Anonymous wrote:
It will get better once you can find medication which helps.
Honestly it doesn't always get better. I'm not sure why people keep insisting it does. It might get better with medication and therapy, but it might not. Sometimes therapy makes things worse.
NP. Therapy requires commitment. If things are worse, it is a temporary part of the healing and recovery process. Much like the cleansing of a wound before stitching and the pain around it vs what the method (painful esp without medicine during the transformation/surgical process) ans not worth what you’ve already sustained with your dirty and imperfectly ripped would.

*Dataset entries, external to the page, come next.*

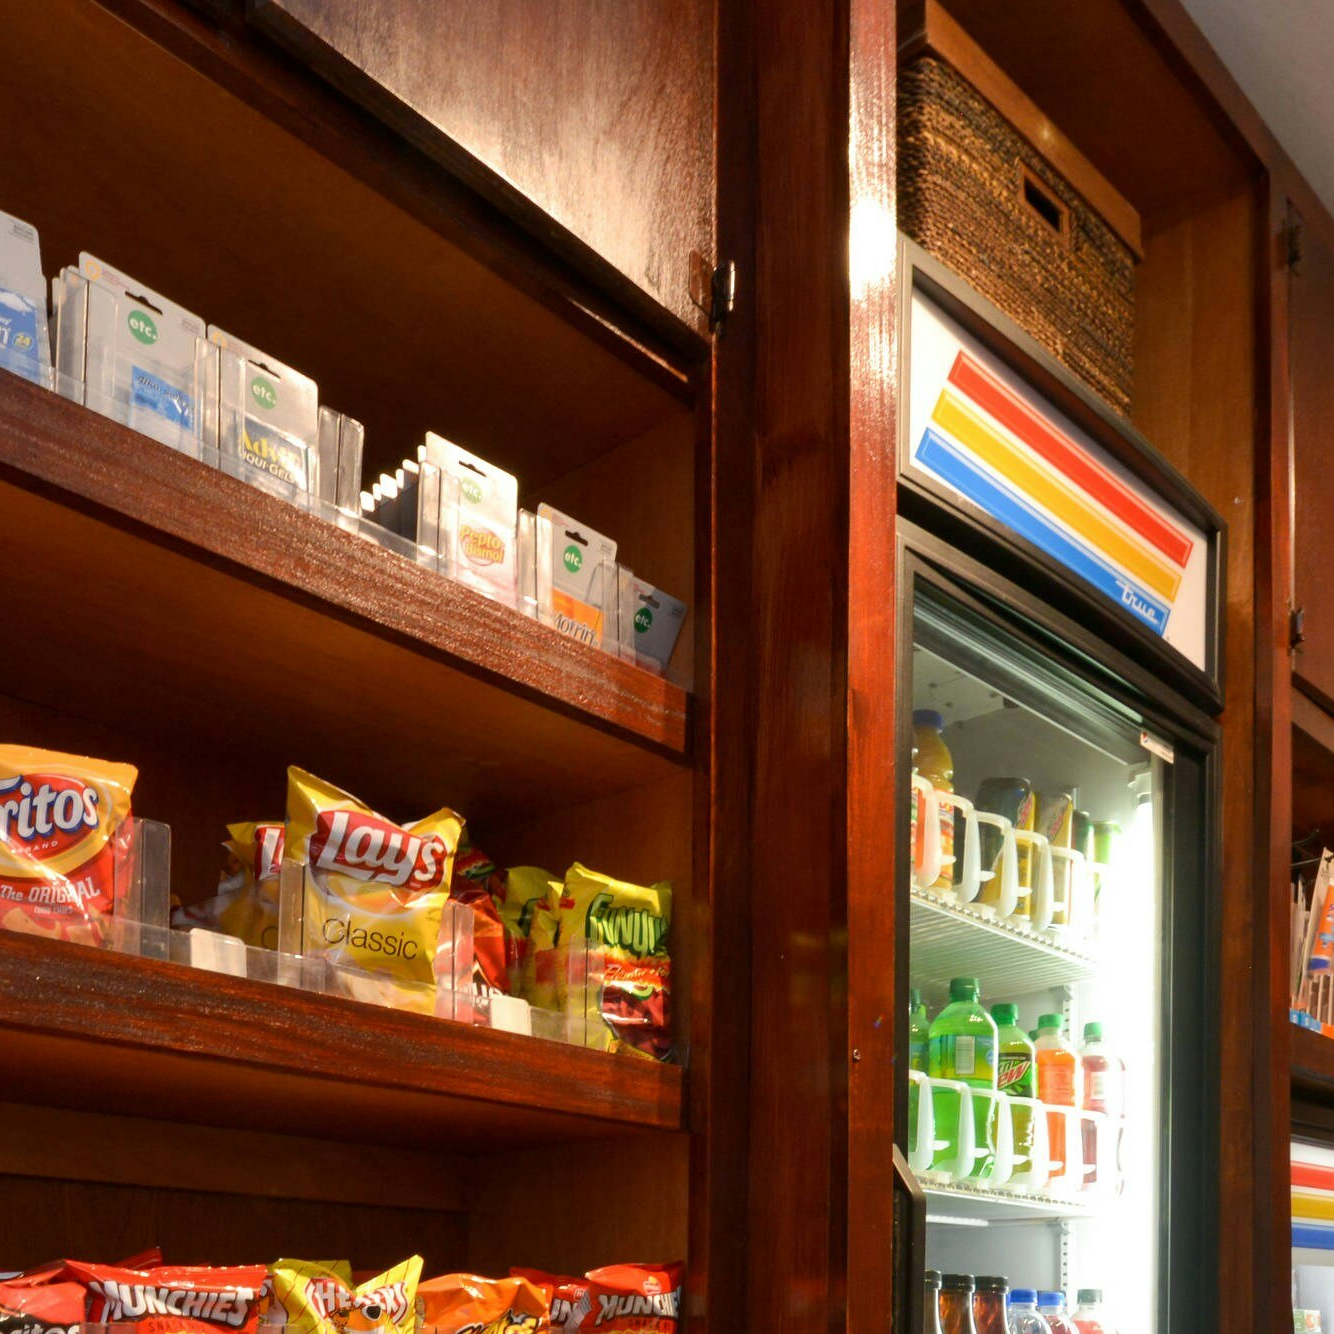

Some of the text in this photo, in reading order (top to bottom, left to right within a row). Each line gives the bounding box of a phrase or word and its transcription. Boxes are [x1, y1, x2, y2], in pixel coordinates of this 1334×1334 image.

[129, 318, 157, 340] etc.
[252, 383, 276, 405] etc.
[460, 525, 501, 549] Pepto
[465, 542, 504, 562] Bismol
[565, 551, 582, 568] etc.
[0, 884, 23, 901] The
[322, 918, 419, 960] Classic
[89, 1280, 255, 1327] MUNCHIES
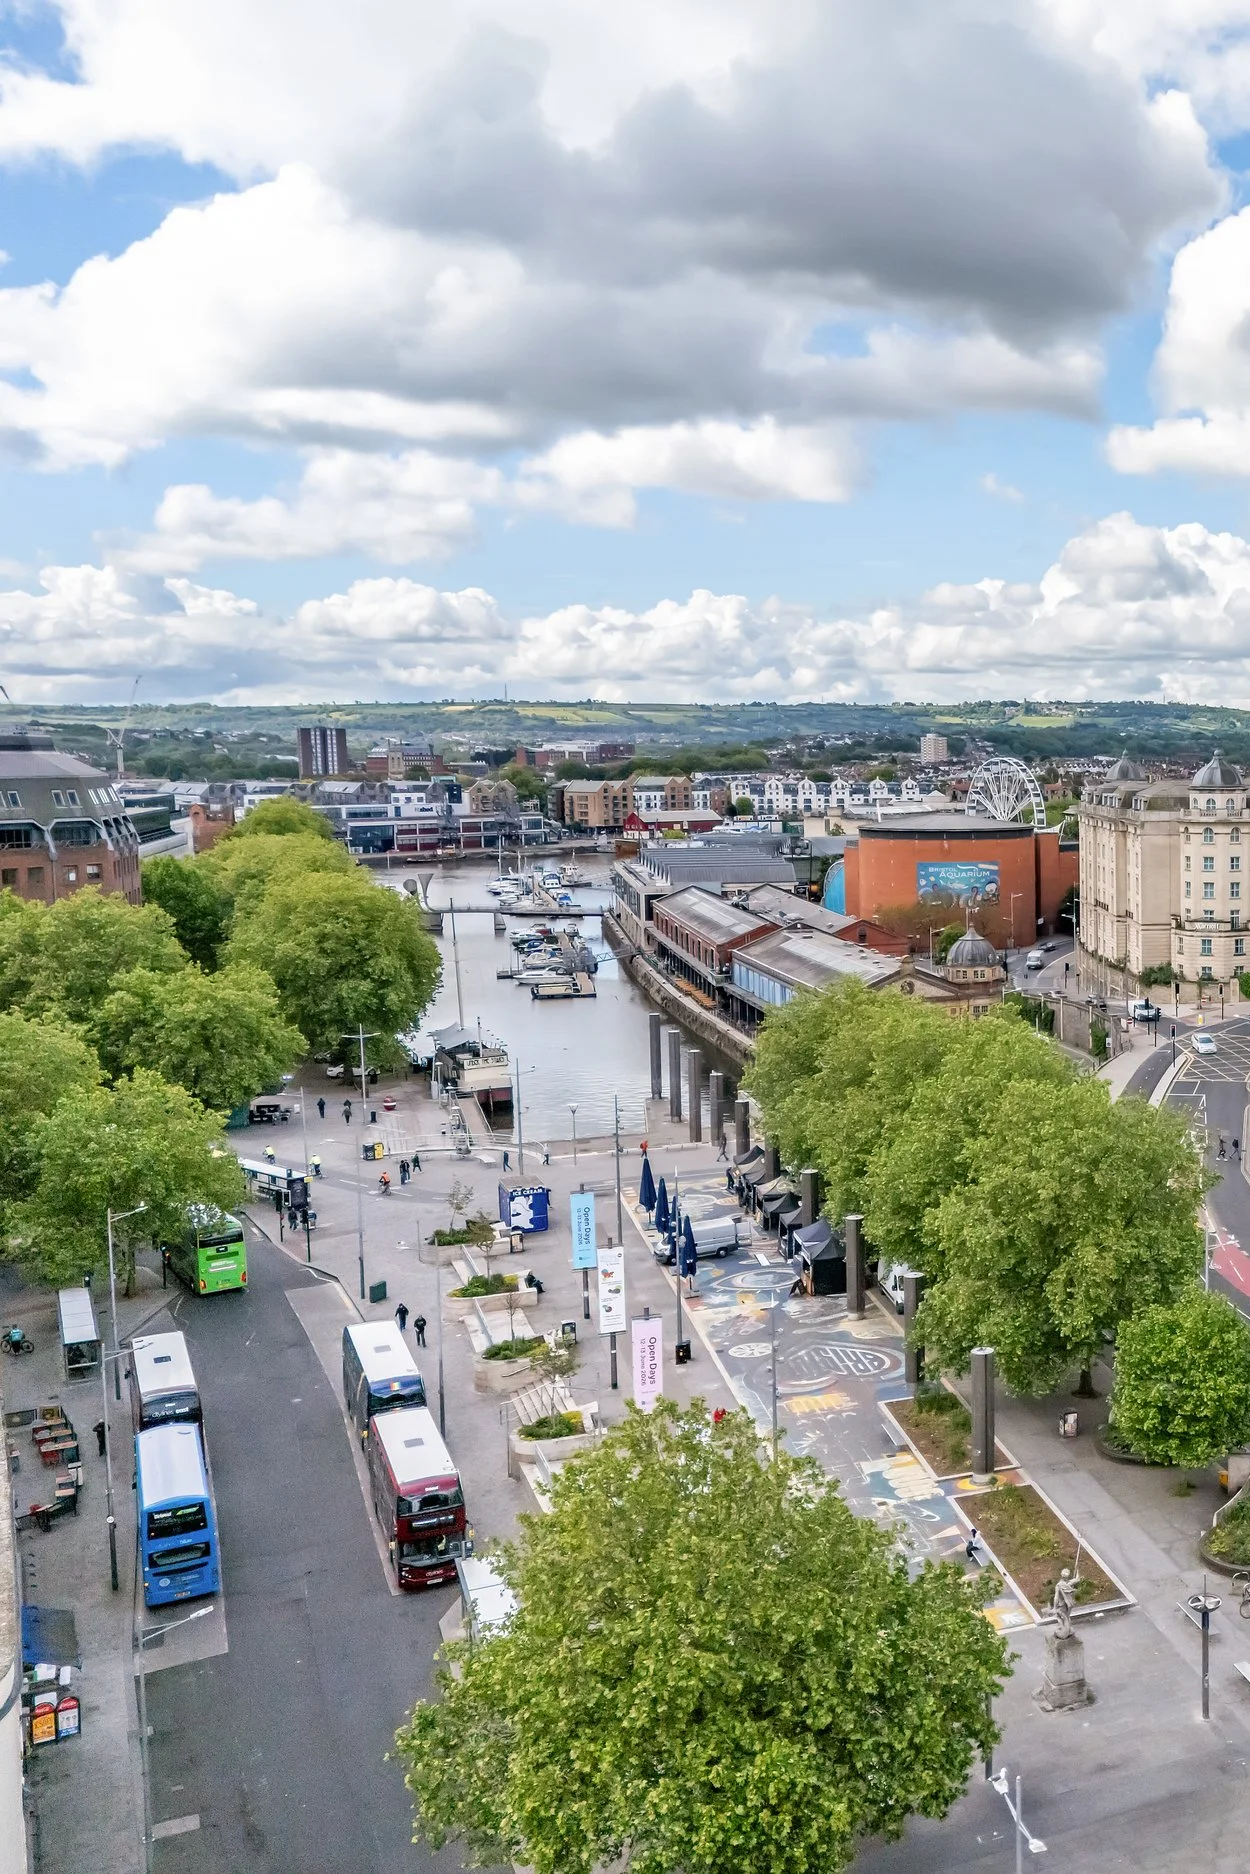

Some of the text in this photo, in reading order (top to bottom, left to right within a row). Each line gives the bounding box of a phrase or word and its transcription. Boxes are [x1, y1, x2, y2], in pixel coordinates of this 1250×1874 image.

Medicine for your mind is nothing to play with. Yes, it takes time and that amount can vary; it can feel really low before things normalize and are better. But with a trained professional and good medical practitioner in psychiatry, that understands the mind and it’s functional capacity and paths to supporting neurological repair —- the low points will be fewer and farther between than the good normal and eventually high points again.
Even “treatment resistant” depression is a priority for research, there are often new findings supporting off label use of drugs around for many years - things aren’t how they used to be. So please stay encouraged. There were times when I was so close to the end and my only hope was that there was a treatment, somewhere, somehow, that I could receive. The circumstances aren’t so dire where things don’t get better with medicine, because they truly do. It’s just the path of discovery of the right medicine for the patient than can be tricky depending on their profile.